Friday, July 31, 2015

Scott Shetler's Strength and Health TV - Episode 2: The "V" Word!

In this episode of Strength and Health TV I discuss the dreaded "V" word - that's right VEGAN! I talk about the myths and misconceptions associate with a plant-based diet, as well as my experiences of improving my health and fitness.

I also talk about my project, Plant-Based Performance I started to support animal welfare, and the project I did with of Dead Prez and his wife, holistic nutritionist, Afya - "Eat Plants, Lift Iron".

I hope you enjoy this episode and please leave any feedback or future topic suggestions in the comments below!

Stay Strong AND Healthy,


Friday, July 24, 2015

Scott Shetler's Strength and Health TV - Episode 1: Why Strength AND Health.

In this first episode of my video blog series I talk about "why" strength and health and why the two have become mutually exclusive.

George "The Russian Lion" Hackenschmidt said, "Health can never be divorced from strength." 

Unfortunately, today, attaining great levels of strength often means sacrificing your health but I believe it doesn't have to be that way.

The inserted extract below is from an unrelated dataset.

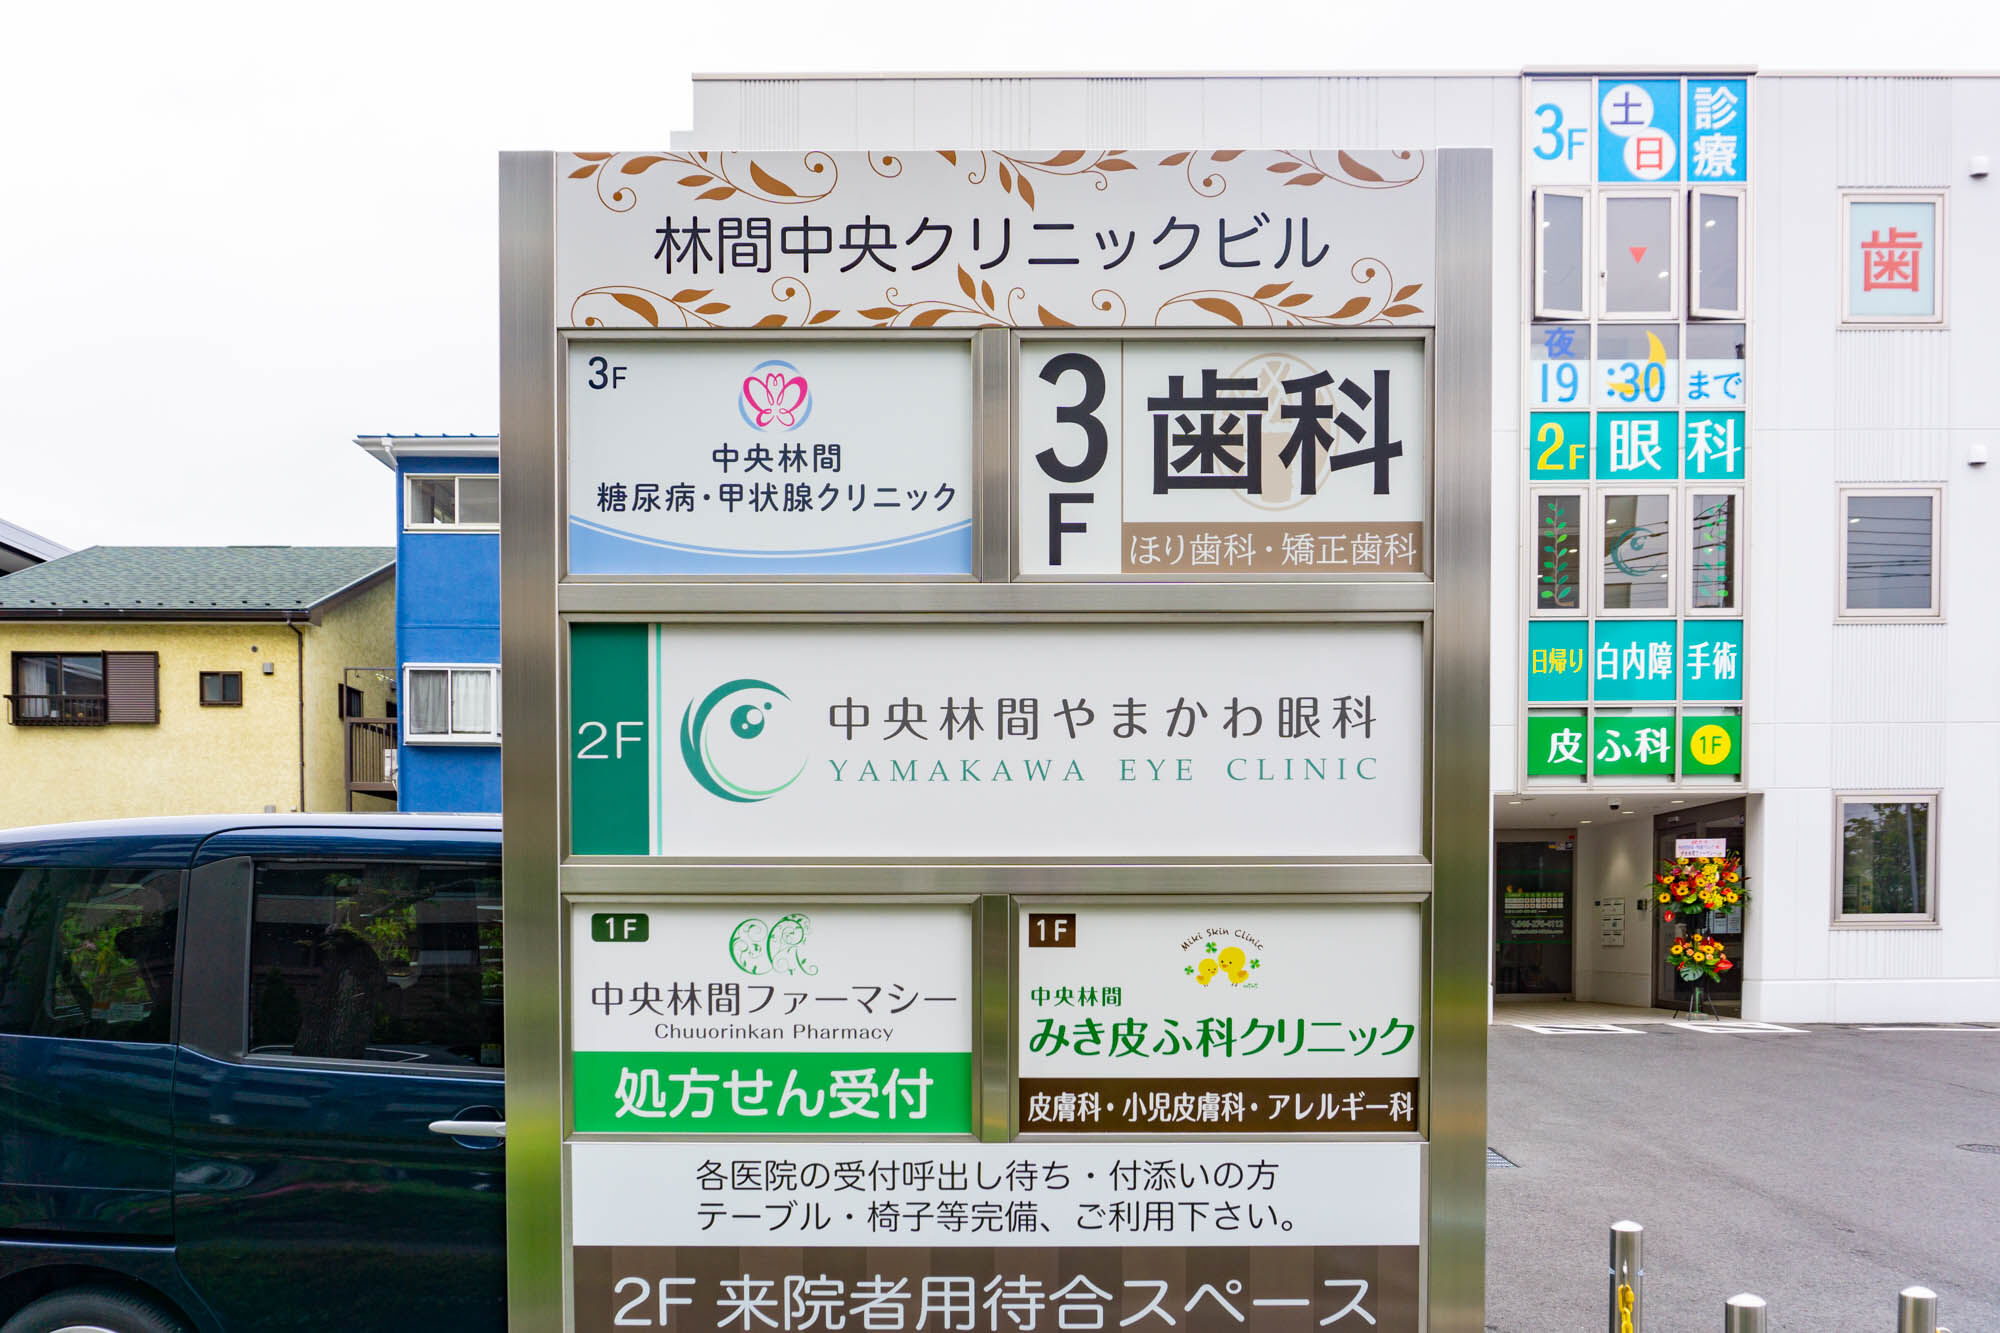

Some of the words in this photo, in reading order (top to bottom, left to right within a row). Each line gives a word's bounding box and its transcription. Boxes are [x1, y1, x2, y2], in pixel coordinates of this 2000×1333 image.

The founding fathers of the movement known as "physical culture" understood the importance of total human development and I believe that in order for us to move forward, we have to look back about 100 years into our past.

I hope you enjoy the show!

Please email me at if you have any topics you would like addressed in future episodes.

Stay Strong AND Healthy,


Friday, July 17, 2015

Scott's Latest Appearance on the Live Life Aggressively Podcast with Mike Mahler and Sincere Hogan.

It was an honor to be invited back to the Life Life Aggressively Podcast with Mike Mahler and Sincere Hogan. They run a great show and have an amazing list of guests they've had on in the past. There are many great things about this show and what I like best are the diversity in guests and topics as well as the laid back conversational style in which MIke and Sincere conduct the show. It's definitely "anything goes" and not always for weak ears, but the quality of information is always exceptional!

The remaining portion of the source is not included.